Add Cycles with Claude, Codex, Cursor, or Windsurf
This page is for engineers who want their AI coding assistant to integrate Cycles into an existing codebase. Open Claude Code (or Codex, Cursor, Windsurf) in your repo, paste the prompt below, and let it wire one budget-enforced boundary, with a test that proves enforcement, in a single session.
The invariant: Cycles must run before the costly action on the same execution path. Every rule, example, and test on this page exists to prove or enforce that one statement.
If you only need MCP host setup
For Claude Desktop / Claude Code / Cursor / Windsurf MCP server config, see the per-host quickstarts: Claude Desktop · Claude Code · Cursor · Windsurf. MCP gives the assistant access to Cycles tools — it does not by itself enforce budgets in your application's execution path. See MCP vs enforcement below.
The integration contract
Hand this contract to the assistant. It is the do/don't list that turns "integrate Cycles" from an open-ended task into a bounded one.
You are integrating Cycles into an existing agent codebase.
Goal:
Add pre-execution budget/action enforcement around one LLM call or tool call.

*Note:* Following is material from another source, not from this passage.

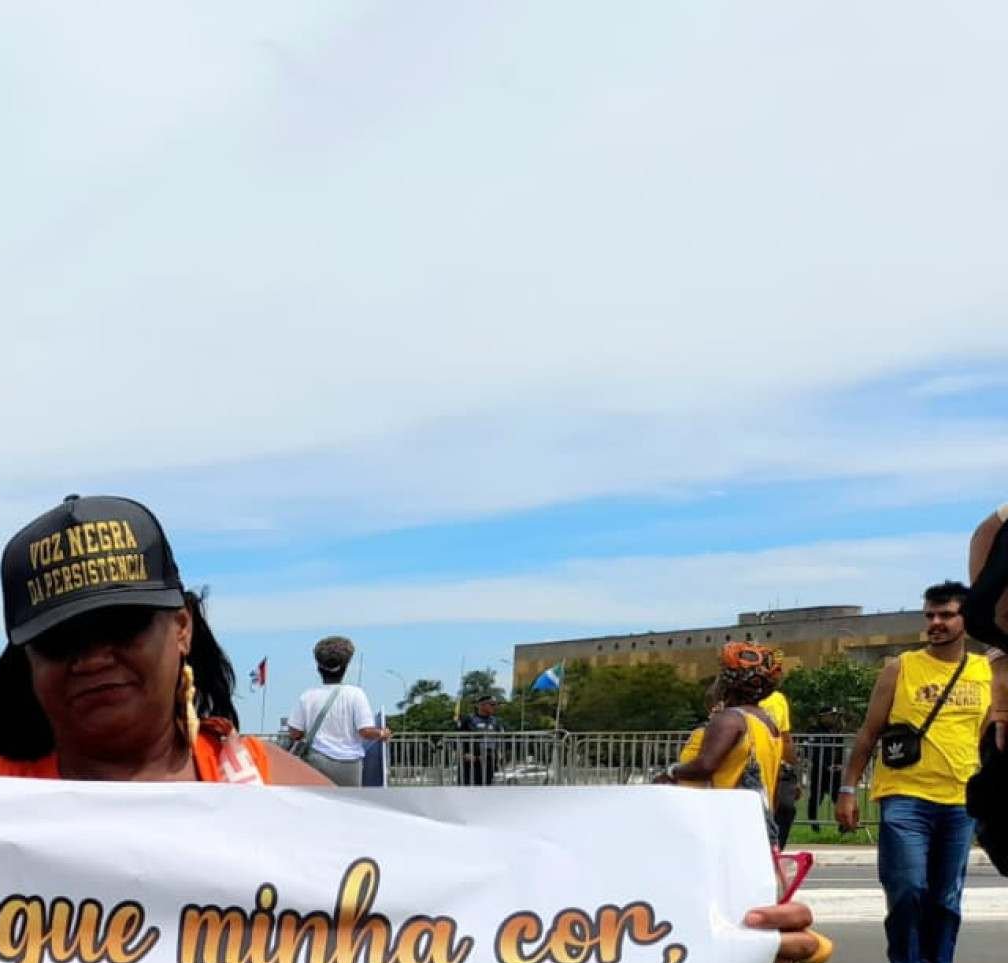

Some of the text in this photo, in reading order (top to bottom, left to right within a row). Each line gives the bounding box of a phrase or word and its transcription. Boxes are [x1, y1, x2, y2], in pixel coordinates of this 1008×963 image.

[30, 520, 138, 569] VOZ NEGRA
[27, 577, 45, 606] DA

Prove enforcement with a test, then expand.
Do:
1. Identify model calls and external side-effect tool calls in this repo.
2. Pick ONE boundary to wrap first. Highest cost, highest frequency, or
highest blast radius wins.
3. Use the language-specific client:
- Python: `runcycles` package, `@cycles` decorator
- TypeScript: `runcycles` package, `withCycles` HOF
- Java/Spring: `cycles-client-java-spring`, `@Cycles` annotation
- Rust: `runcycles` crate, `with_cycles()` (auto) or
`ReservationGuard` (manual / streaming)
4. Read configuration from environment:
- CYCLES_BASE_URL (e.g. http://localhost:7878)
- CYCLES_API_KEY (cyc_live_... — issued by the Cycles Admin Server)
- CYCLES_TENANT (e.g. acme-corp)
5. Add a graceful denial fallback: when budget is denied, do NOT execute the
downstream call. Return a fallback, downgrade to a cheaper model, or queue.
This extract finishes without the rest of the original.